彼はエルマーの腕を引いて敷地内の一角まで連れて行き、薪割り台の前で、
「お兄さん、あれだけ剣術が強くて力もありそうだから、薪を割ってくれよ。いつも、三人掛かりで何とか割ってるんだ」
「薪を? 俺がか」
「どうせ浪人なんだから暇でしょ? ね、お願いだから」
「別に構わないが……」
と、エルマーは文句を言う気も失せ、斧を持って、コンコンと薪を割り始めた。すると、表の方からセシールがやって来て、
「本当に有難うございます。お給金の方は何とか工面しますので」
「いや、薪を割っているだけです。それにしても、皆、幼いのに働き者ですね。リコとは大違いだ」
「誰が大違いですって?」
と、院長の後ろから声がした。リコが、寝惚け眼を擦りながら立っている。彼も孤児院のことが気になって、目覚めたままの姿でやって来たのだ。
剣も差していない寝間着姿に、エルマーは苦笑し、表の掃除を手伝うように促した。
――陽が高く昇った頃、漸く、パン屋は開店した。孤児院の収入源というだけでなく、親の無い子供達の社会勉強という趣旨である。
孤児院の母屋の大広間を使い、セシール達の焼いたパンが、香ばしい匂いを漂わせていた。

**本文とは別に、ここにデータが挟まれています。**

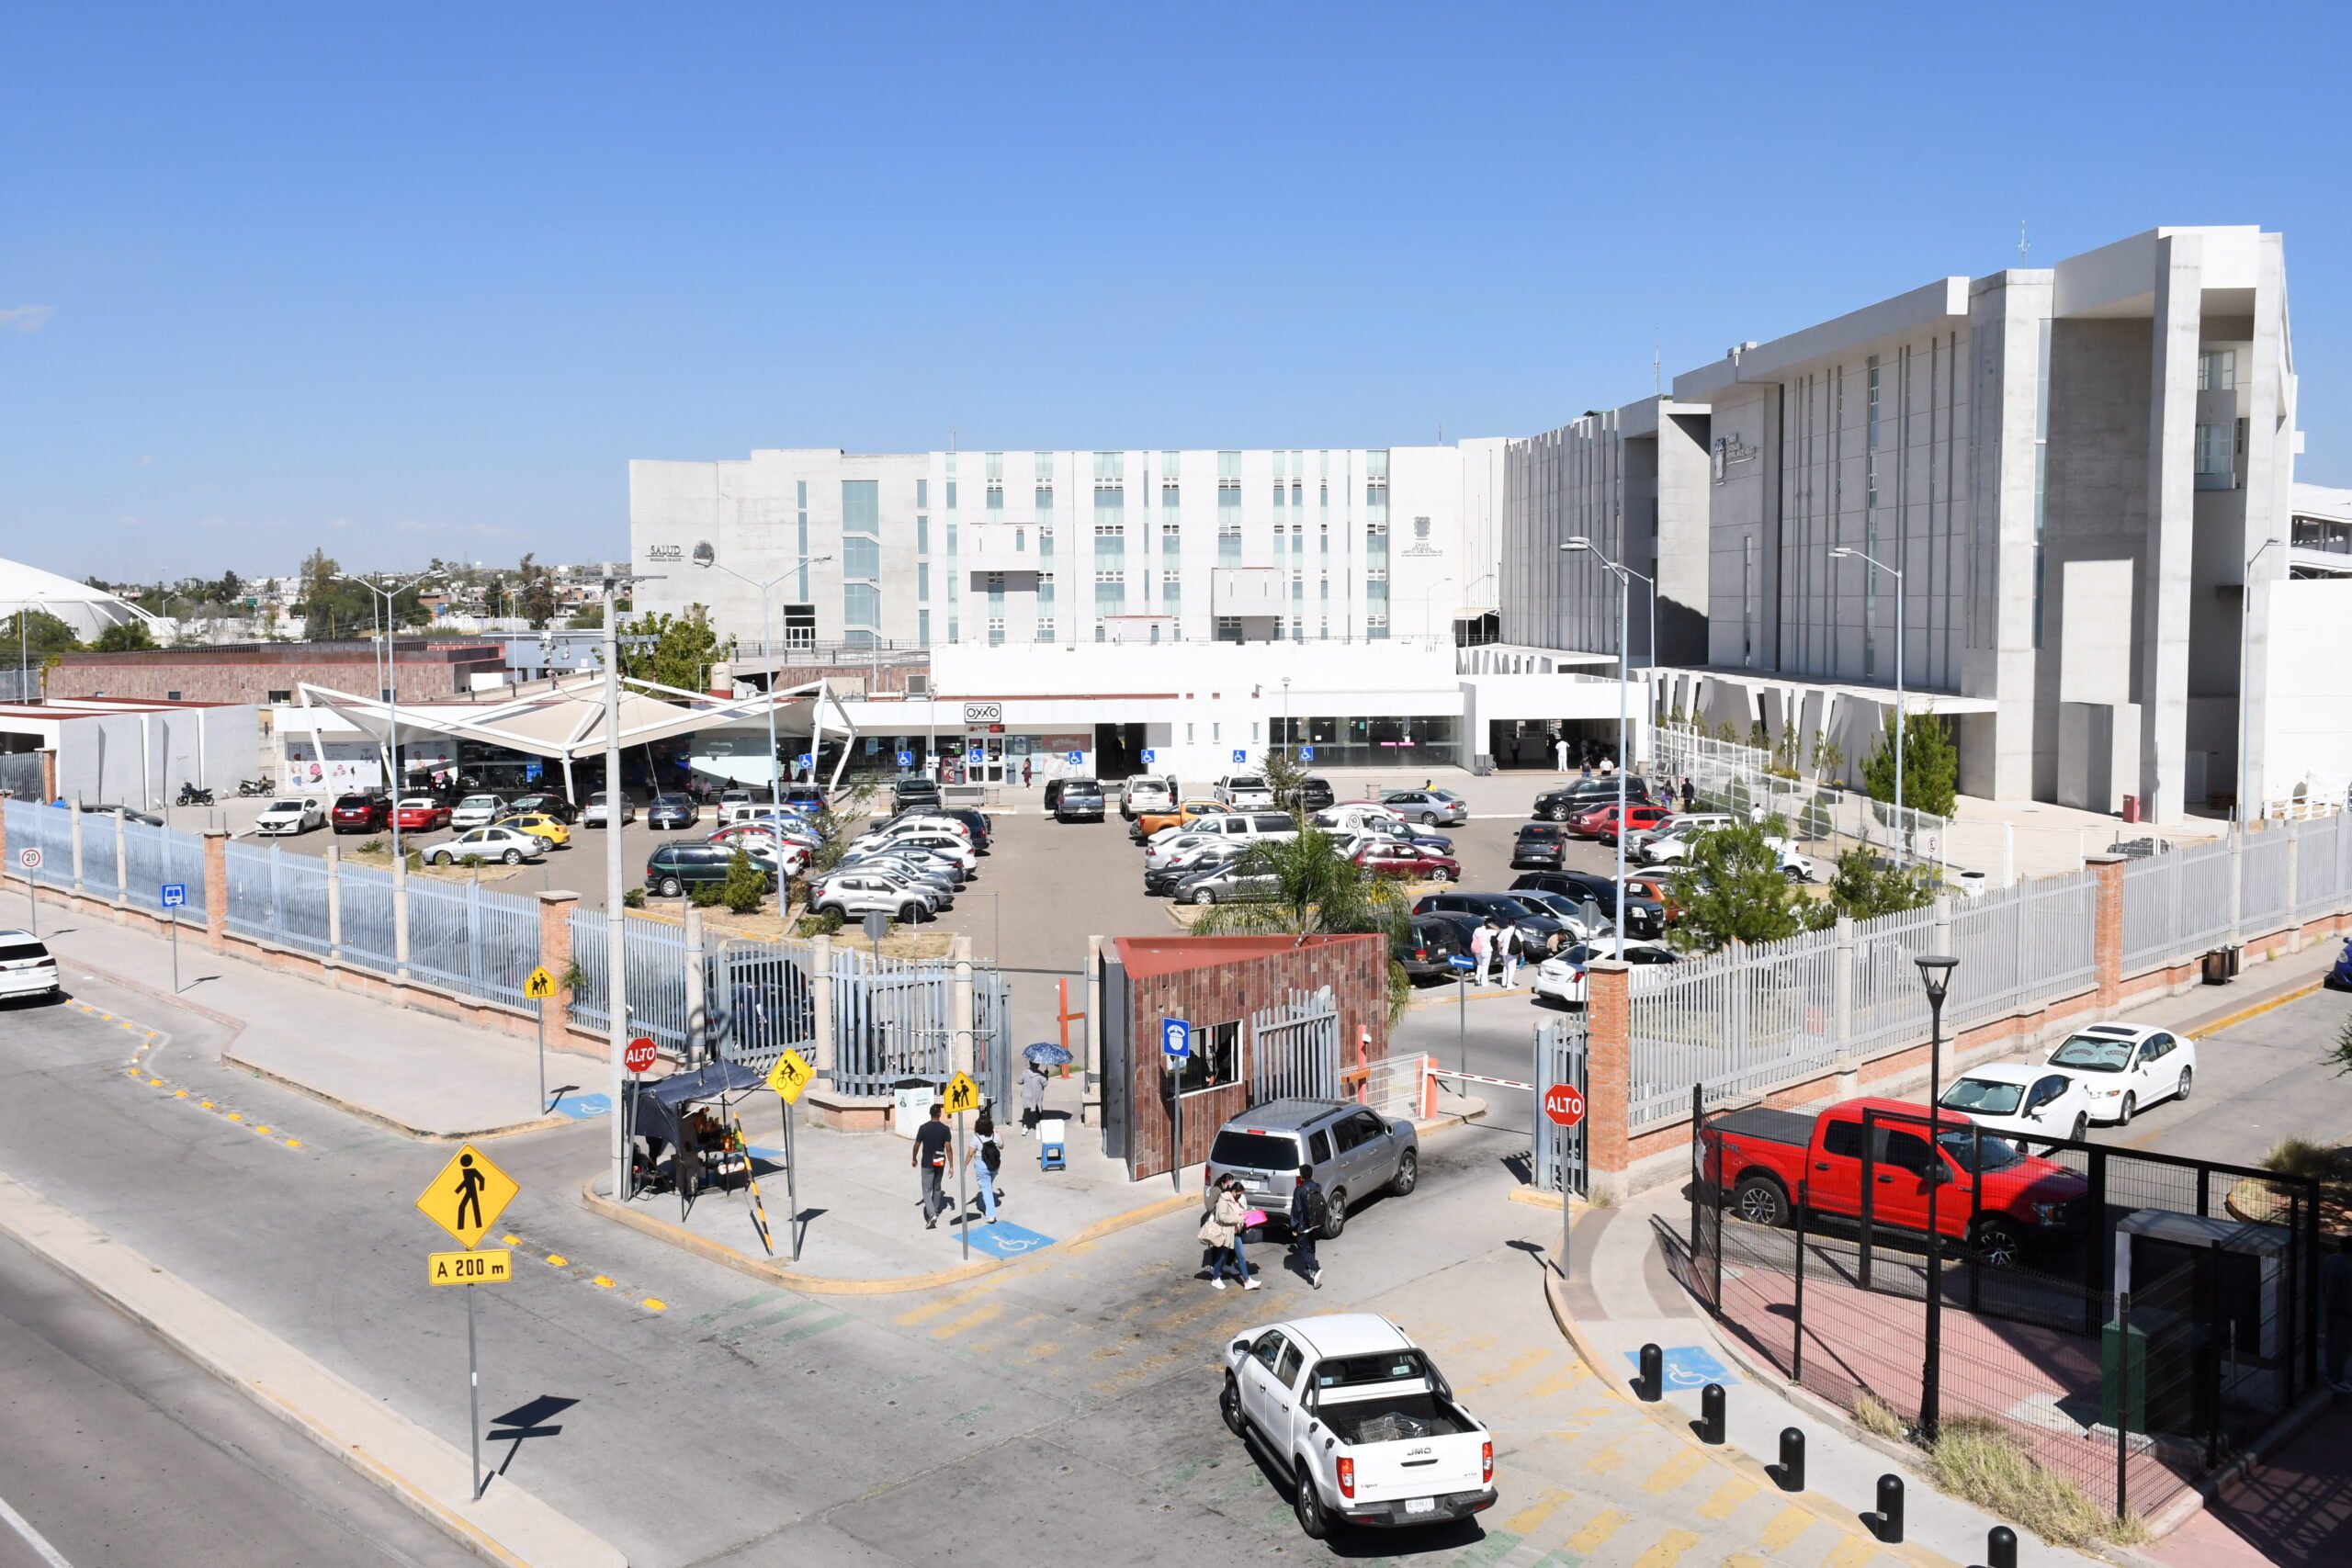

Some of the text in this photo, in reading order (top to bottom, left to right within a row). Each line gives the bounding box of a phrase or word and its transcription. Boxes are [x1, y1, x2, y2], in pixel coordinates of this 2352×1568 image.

[650, 545, 682, 556] SALUD
[967, 706, 999, 719] OXXO
[26, 852, 37, 862] 20
[626, 1046, 655, 1064] ALTO
[1546, 1095, 1582, 1115] ALTO
[436, 1258, 504, 1278] A 200 m

味の評判自体は上々らしく、開店と同時に、客が列を為し始める。
エルマーは裏で黙々と、パン窯に使う薪を割り続けていた。すると、リコが溜息と共に逃げて来た。
「どうした。店の方を手伝っていたんじゃないのか」
「も、もう厭だよっ。あのロイド君、人使いが荒すぎるよ。僕も薪割りを」
「あ! こんな所にっ。リコ、怠けるなっ」
と、ロイドが遅れてやって来て、リコの襟髪を掴んだ。引きずられて行くリコを、エルマーは笑いながら見送った。
その時、母屋の方から悲鳴が聞こえてきた。客が、潮の引くように逃げ出していく。リコとロイドが母屋に飛び込むと、真っ黒な虫の大群が床を這いずり回っている。念入りに掃除をした筈なのに、数え切れない量の虫に、少女達は其処彼処を逃げ回っていた。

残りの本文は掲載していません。